**EXERCISE DESCRIPTION:**
Produce a word-for-word copy of the data that follows, excluding images.
>>>
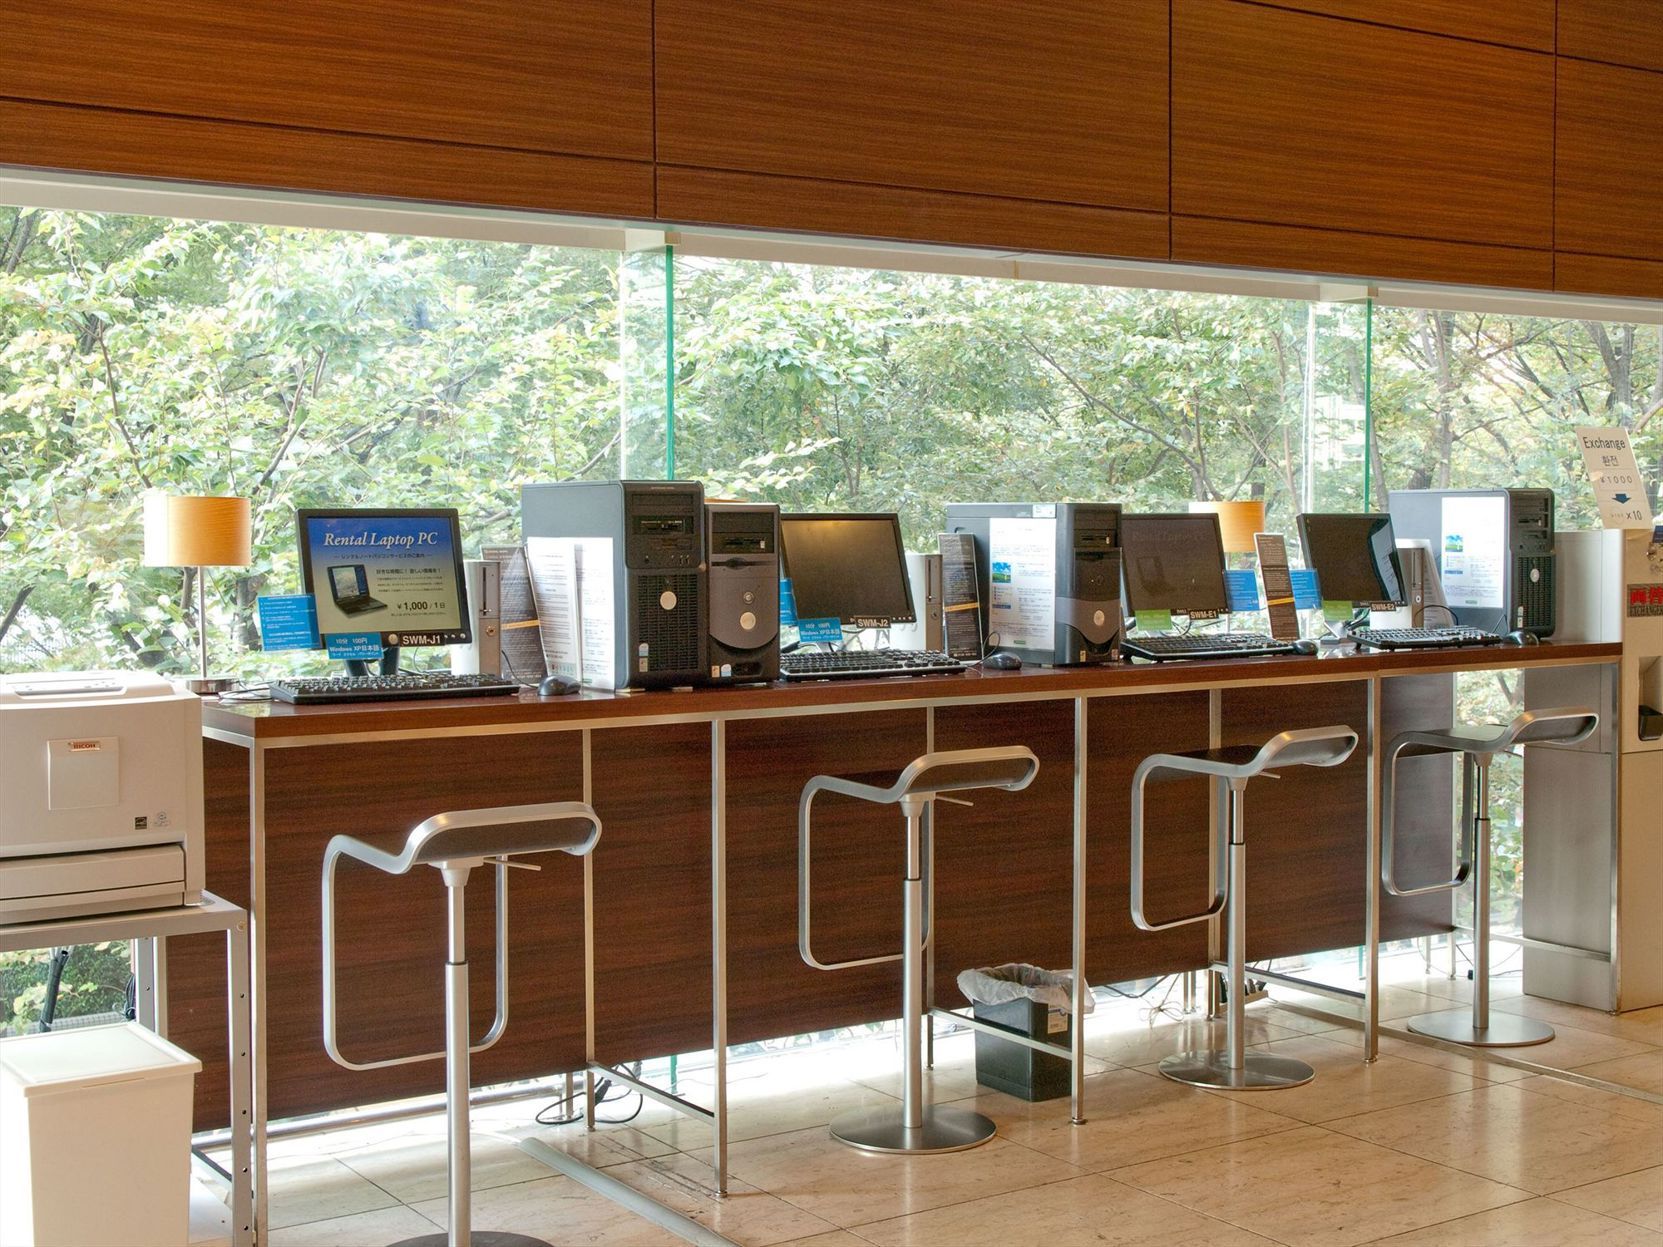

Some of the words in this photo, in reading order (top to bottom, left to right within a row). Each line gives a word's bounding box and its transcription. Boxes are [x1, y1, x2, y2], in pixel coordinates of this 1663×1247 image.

[1582, 437, 1626, 450] Exchange
[323, 531, 368, 546] Rental
[369, 532, 415, 549] Laptop
[417, 531, 438, 545] PC
[1371, 603, 1395, 611] SWM-E2
[1190, 610, 1217, 619] SWM-E1
[857, 618, 888, 627] SWM-J2
[402, 635, 441, 645] SWM-J1
<<<
**YOUR SOLUTION:**
Some of the words in this photo, in reading order (top to bottom, left to right within a row). Each line gives a word's bounding box and its transcription. Boxes are [x1, y1, x2, y2], in pixel coordinates of this 1663×1247 image.

[1582, 437, 1626, 450] Exchange
[323, 531, 368, 546] Rental
[369, 532, 415, 549] Laptop
[417, 531, 438, 545] PC
[1371, 603, 1395, 611] SWM-E2
[1190, 610, 1217, 619] SWM-E1
[857, 618, 888, 627] SWM-J2
[402, 635, 441, 645] SWM-J1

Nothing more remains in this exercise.